I didn't want to defend Jimmy Tate too vigorously because it might backfire. Somebody might begin to wonder what made me such an expert. Best not to protest too much when you're tampering with the truth. Besides, Tate's cover had to be deep – if, indeed, that's what was happening. Dolan and Santos were both aware of the need for secrecy. I let the subject drop. I had thought to probe for information about the fraud ring. Now, I decided to bypass the quiz. All I needed was Luis turning his steely gaze on me.
We ate the omelet in silence. I'm forced to report it was one of the best I've ever eaten. The few bites I couldn't finish, I put down for the dog. Perro snapped the eggs up in one bite with a jerk of his head that propelled food down his throat. After breakfast, Luis scrubbed the skillet. My job was to fold the plates and throw them in the trash.
"What's the program for the day?"
"I take you to the chiropractor as soon as Raymond gets back."
"How come we have to wait? Can't we do anything on our own?"
Luis said nothing. I decided it wasn't wise to press. Raymond didn't seem to trust him much more than he trusted me.

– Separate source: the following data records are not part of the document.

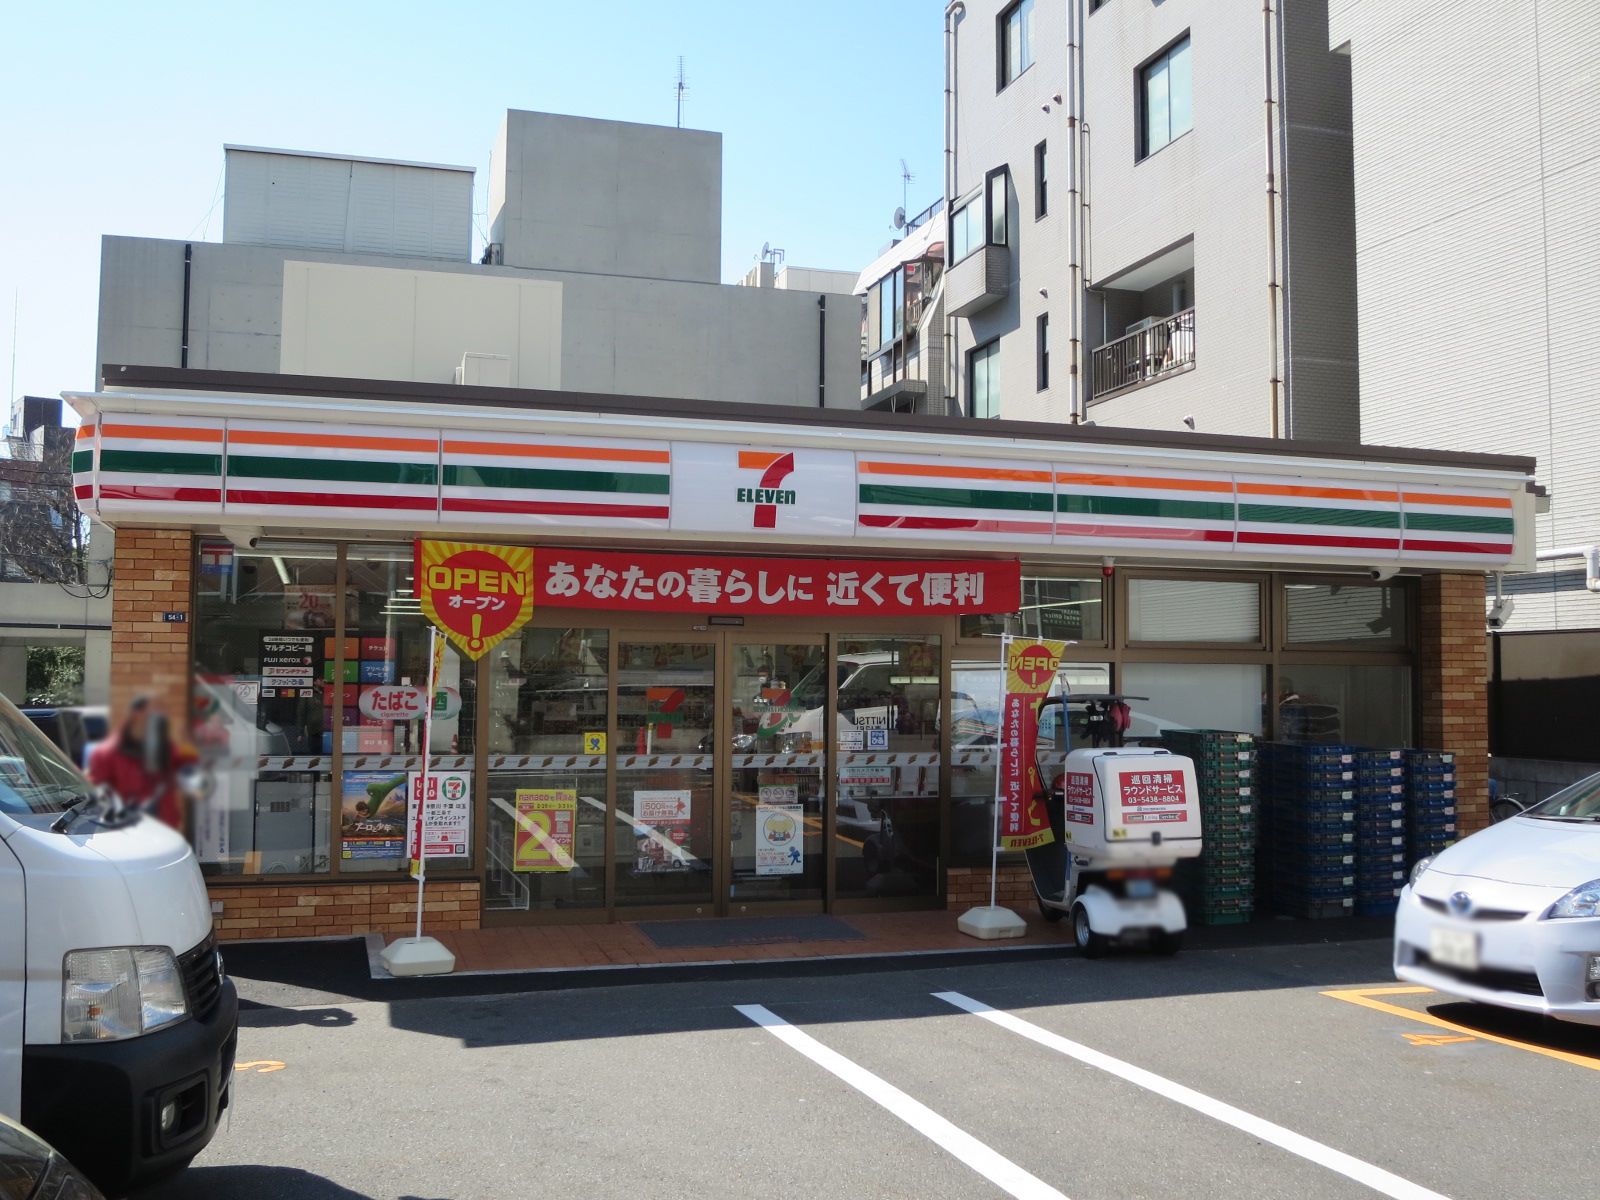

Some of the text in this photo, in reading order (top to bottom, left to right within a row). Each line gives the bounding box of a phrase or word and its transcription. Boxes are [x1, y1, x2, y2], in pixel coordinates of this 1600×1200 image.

[738, 450, 795, 529] 7
[428, 565, 526, 596] OPEN
[545, 561, 985, 607] あなたの暮らしに 近くて便利
[448, 594, 506, 611] オープン
[371, 690, 418, 711] たばこ
[1123, 784, 1183, 796] ラウンドサービス
[1131, 774, 1173, 785] 巡回清掃
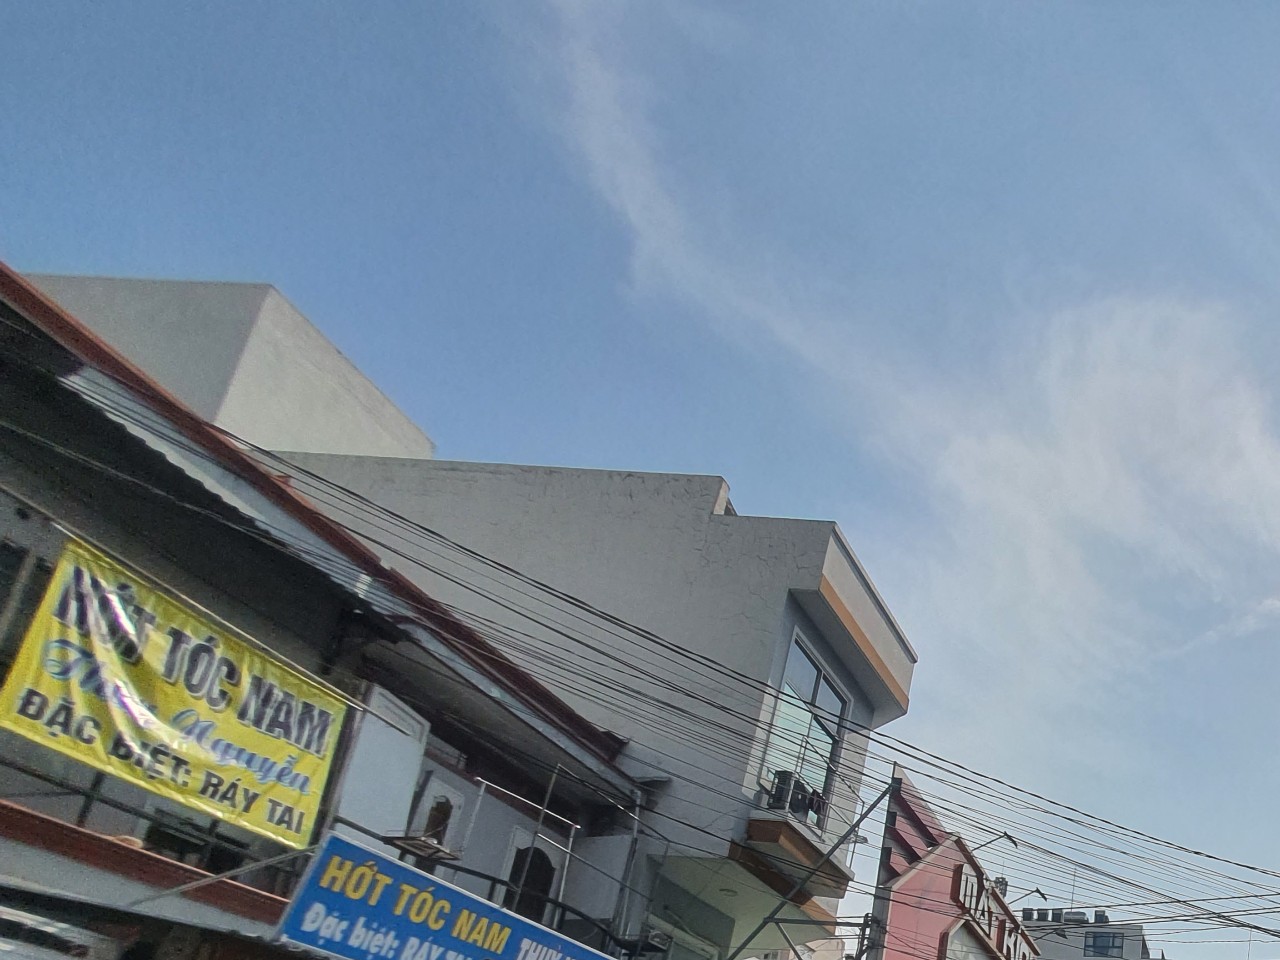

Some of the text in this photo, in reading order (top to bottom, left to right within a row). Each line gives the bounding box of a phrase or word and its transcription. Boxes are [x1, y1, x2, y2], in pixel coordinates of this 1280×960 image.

[161, 626, 241, 712] TÓC
[237, 674, 334, 759] NAM
[199, 769, 260, 814] RÁY
[267, 798, 305, 835] TAI
[301, 902, 348, 945] Đặc
[319, 855, 511, 954] HỚT TÓC NAM

At noon Raymond and Bibianna returned to the apartment. Her face
was haggard, the look she turned on me full of dread. She was signaling something, but I wasn't sure what. In contrast, Raymond's mood seemed expansive, though I noticed the twinkle of a tic in his blinking. Bibianna took her jacket off and tossed it on the couch. There was a Band-Aid across the crook of her right arm. Raymond grabbed her from behind in a bear hug, an odd hostility disguised as affection.
He caught my look, which had touched on the Band-Aid and glanced off. "She had a blood test. We're getting married as soon as the license comes through. Three days max."
"Congratulations," I said weakly. "Really, that's great."
Luis extended his hand. He and Raymond went through some complicated series of palm slaps and grips, signifying great gang joy at the nuptials of another. Bibianna's happiness was so overwhelming that she had to leave the room, a reaction not lost on the ever-vigilant Raymond. I could see the tic pick up, his mouth coming open, his neck jerking back. Luis broke out a couple of beers, ostensibly to celebrate. My guess was he hoped to head off one of Raymond's attacks. "Get her out here. Luis is going to get us some champagne. We'll drink a toast."